Data supplied:
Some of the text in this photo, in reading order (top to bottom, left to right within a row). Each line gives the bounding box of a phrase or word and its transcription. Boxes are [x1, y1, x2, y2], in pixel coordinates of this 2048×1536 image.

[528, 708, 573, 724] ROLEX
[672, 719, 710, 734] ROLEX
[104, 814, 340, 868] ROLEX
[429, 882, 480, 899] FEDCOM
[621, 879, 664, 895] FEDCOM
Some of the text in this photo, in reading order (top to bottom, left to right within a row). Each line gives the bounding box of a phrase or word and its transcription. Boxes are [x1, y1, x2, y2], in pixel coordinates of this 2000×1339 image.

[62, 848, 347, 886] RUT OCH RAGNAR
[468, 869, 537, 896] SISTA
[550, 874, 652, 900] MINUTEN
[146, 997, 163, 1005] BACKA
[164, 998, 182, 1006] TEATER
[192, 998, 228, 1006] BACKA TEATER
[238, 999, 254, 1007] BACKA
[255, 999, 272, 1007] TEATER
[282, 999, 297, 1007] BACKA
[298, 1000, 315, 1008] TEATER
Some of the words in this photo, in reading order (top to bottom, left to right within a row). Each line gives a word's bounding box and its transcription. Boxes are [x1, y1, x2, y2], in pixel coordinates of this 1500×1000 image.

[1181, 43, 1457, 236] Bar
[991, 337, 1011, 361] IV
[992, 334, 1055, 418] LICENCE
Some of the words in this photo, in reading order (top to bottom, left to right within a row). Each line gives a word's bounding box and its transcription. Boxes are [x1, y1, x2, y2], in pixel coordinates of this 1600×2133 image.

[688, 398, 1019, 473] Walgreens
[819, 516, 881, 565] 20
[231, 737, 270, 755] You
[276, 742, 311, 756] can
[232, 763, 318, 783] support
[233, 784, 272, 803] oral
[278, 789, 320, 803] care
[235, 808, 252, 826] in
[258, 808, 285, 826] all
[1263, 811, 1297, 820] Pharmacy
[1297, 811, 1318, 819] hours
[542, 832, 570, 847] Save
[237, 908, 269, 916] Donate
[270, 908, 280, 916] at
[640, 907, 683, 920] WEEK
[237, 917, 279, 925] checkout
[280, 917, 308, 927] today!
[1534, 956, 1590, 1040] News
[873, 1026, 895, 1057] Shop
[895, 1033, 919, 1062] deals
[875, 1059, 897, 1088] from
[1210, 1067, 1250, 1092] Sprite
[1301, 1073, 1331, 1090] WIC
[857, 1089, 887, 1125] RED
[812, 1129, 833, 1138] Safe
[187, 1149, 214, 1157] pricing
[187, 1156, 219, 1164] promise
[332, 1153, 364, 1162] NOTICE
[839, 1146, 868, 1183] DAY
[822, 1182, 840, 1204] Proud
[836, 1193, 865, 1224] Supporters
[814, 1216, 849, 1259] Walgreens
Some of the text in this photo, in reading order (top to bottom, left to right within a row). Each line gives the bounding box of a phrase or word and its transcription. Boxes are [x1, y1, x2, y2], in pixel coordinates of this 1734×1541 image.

About this exercise:
Each line must be given again exactly as written above.

Output for this exercise:
Some of the text in this photo, in reading order (top to bottom, left to right within a row). Each line gives the bounding box of a phrase or word and its transcription. Boxes are [x1, y1, x2, y2], in pixel coordinates of this 2048×1536 image.

[528, 708, 573, 724] ROLEX
[672, 719, 710, 734] ROLEX
[104, 814, 340, 868] ROLEX
[429, 882, 480, 899] FEDCOM
[621, 879, 664, 895] FEDCOM
Some of the text in this photo, in reading order (top to bottom, left to right within a row). Each line gives the bounding box of a phrase or word and its transcription. Boxes are [x1, y1, x2, y2], in pixel coordinates of this 2000×1339 image.

[62, 848, 347, 886] RUT OCH RAGNAR
[468, 869, 537, 896] SISTA
[550, 874, 652, 900] MINUTEN
[146, 997, 163, 1005] BACKA
[164, 998, 182, 1006] TEATER
[192, 998, 228, 1006] BACKA TEATER
[238, 999, 254, 1007] BACKA
[255, 999, 272, 1007] TEATER
[282, 999, 297, 1007] BACKA
[298, 1000, 315, 1008] TEATER
Some of the words in this photo, in reading order (top to bottom, left to right within a row). Each line gives a word's bounding box and its transcription. Boxes are [x1, y1, x2, y2], in pixel coordinates of this 1500×1000 image.

[1181, 43, 1457, 236] Bar
[991, 337, 1011, 361] IV
[992, 334, 1055, 418] LICENCE
Some of the words in this photo, in reading order (top to bottom, left to right within a row). Each line gives a word's bounding box and its transcription. Boxes are [x1, y1, x2, y2], in pixel coordinates of this 1600×2133 image.

[688, 398, 1019, 473] Walgreens
[819, 516, 881, 565] 20
[231, 737, 270, 755] You
[276, 742, 311, 756] can
[232, 763, 318, 783] support
[233, 784, 272, 803] oral
[278, 789, 320, 803] care
[235, 808, 252, 826] in
[258, 808, 285, 826] all
[1263, 811, 1297, 820] Pharmacy
[1297, 811, 1318, 819] hours
[542, 832, 570, 847] Save
[237, 908, 269, 916] Donate
[270, 908, 280, 916] at
[640, 907, 683, 920] WEEK
[237, 917, 279, 925] checkout
[280, 917, 308, 927] today!
[1534, 956, 1590, 1040] News
[873, 1026, 895, 1057] Shop
[895, 1033, 919, 1062] deals
[875, 1059, 897, 1088] from
[1210, 1067, 1250, 1092] Sprite
[1301, 1073, 1331, 1090] WIC
[857, 1089, 887, 1125] RED
[812, 1129, 833, 1138] Safe
[187, 1149, 214, 1157] pricing
[187, 1156, 219, 1164] promise
[332, 1153, 364, 1162] NOTICE
[839, 1146, 868, 1183] DAY
[822, 1182, 840, 1204] Proud
[836, 1193, 865, 1224] Supporters
[814, 1216, 849, 1259] Walgreens
Some of the text in this photo, in reading order (top to bottom, left to right within a row). Each line gives the bounding box of a phrase or word and its transcription. Boxes are [x1, y1, x2, y2], in pixel coordinates of this 1734×1541 image.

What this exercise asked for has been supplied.